* YOUR ASSIGNMENT *
Without the pictures, reproduce the entries below exactly.

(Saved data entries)
----

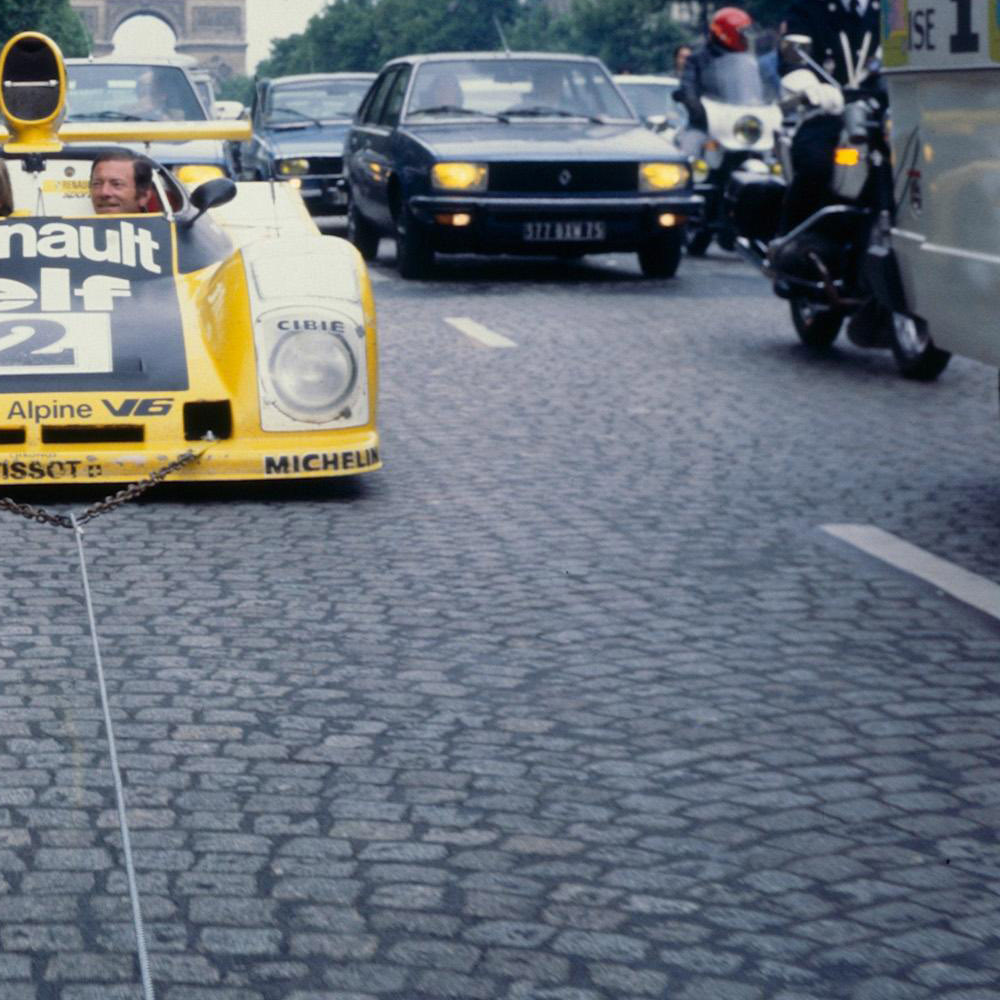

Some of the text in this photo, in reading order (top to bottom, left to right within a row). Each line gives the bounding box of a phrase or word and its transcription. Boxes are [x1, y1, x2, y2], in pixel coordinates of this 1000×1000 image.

[277, 319, 345, 333] CIBIE
[7, 400, 94, 424] Alpine
[101, 398, 175, 417] V6
[264, 447, 380, 475] MICHELIN

----

* ANSWER *
Some of the text in this photo, in reading order (top to bottom, left to right within a row). Each line gives the bounding box of a phrase or word and its transcription. Boxes are [x1, y1, x2, y2], in pixel coordinates of this 1000×1000 image.

[277, 319, 345, 333] CIBIE
[7, 400, 94, 424] Alpine
[101, 398, 175, 417] V6
[264, 447, 380, 475] MICHELIN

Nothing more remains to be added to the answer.